== DATA PROVIDED ==
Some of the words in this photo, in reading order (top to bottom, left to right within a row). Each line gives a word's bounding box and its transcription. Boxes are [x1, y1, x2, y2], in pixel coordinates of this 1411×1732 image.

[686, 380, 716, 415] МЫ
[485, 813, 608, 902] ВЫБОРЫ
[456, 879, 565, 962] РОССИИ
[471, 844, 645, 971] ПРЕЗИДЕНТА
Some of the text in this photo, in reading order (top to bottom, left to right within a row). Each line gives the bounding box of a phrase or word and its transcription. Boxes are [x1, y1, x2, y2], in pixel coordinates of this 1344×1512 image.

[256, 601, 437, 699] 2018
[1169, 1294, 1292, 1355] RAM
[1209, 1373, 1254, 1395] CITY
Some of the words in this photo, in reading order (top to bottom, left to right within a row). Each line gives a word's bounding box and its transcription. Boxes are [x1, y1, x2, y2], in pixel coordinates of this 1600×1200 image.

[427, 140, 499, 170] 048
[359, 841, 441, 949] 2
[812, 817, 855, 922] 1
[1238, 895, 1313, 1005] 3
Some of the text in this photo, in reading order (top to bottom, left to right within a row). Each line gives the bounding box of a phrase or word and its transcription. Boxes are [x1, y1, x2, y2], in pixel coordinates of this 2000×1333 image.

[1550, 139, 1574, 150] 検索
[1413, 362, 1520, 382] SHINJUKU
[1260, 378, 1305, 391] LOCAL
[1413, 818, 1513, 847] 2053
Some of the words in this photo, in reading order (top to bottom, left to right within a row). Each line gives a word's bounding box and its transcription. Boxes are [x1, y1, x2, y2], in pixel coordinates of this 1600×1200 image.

== THE PROBLEM ==
Produce an exact copy of the whole listing.

== EXPECTED ANSWER ==
Some of the words in this photo, in reading order (top to bottom, left to right within a row). Each line gives a word's bounding box and its transcription. Boxes are [x1, y1, x2, y2], in pixel coordinates of this 1411×1732 image.

[686, 380, 716, 415] МЫ
[485, 813, 608, 902] ВЫБОРЫ
[456, 879, 565, 962] РОССИИ
[471, 844, 645, 971] ПРЕЗИДЕНТА
Some of the text in this photo, in reading order (top to bottom, left to right within a row). Each line gives the bounding box of a phrase or word and its transcription. Boxes are [x1, y1, x2, y2], in pixel coordinates of this 1344×1512 image.

[256, 601, 437, 699] 2018
[1169, 1294, 1292, 1355] RAM
[1209, 1373, 1254, 1395] CITY
Some of the words in this photo, in reading order (top to bottom, left to right within a row). Each line gives a word's bounding box and its transcription. Boxes are [x1, y1, x2, y2], in pixel coordinates of this 1600×1200 image.

[427, 140, 499, 170] 048
[359, 841, 441, 949] 2
[812, 817, 855, 922] 1
[1238, 895, 1313, 1005] 3
Some of the text in this photo, in reading order (top to bottom, left to right within a row). Each line gives the bounding box of a phrase or word and its transcription. Boxes are [x1, y1, x2, y2], in pixel coordinates of this 2000×1333 image.

[1550, 139, 1574, 150] 検索
[1413, 362, 1520, 382] SHINJUKU
[1260, 378, 1305, 391] LOCAL
[1413, 818, 1513, 847] 2053
Some of the words in this photo, in reading order (top to bottom, left to right within a row). Each line gives a word's bounding box and its transcription. Boxes are [x1, y1, x2, y2], in pixel coordinates of this 1600×1200 image.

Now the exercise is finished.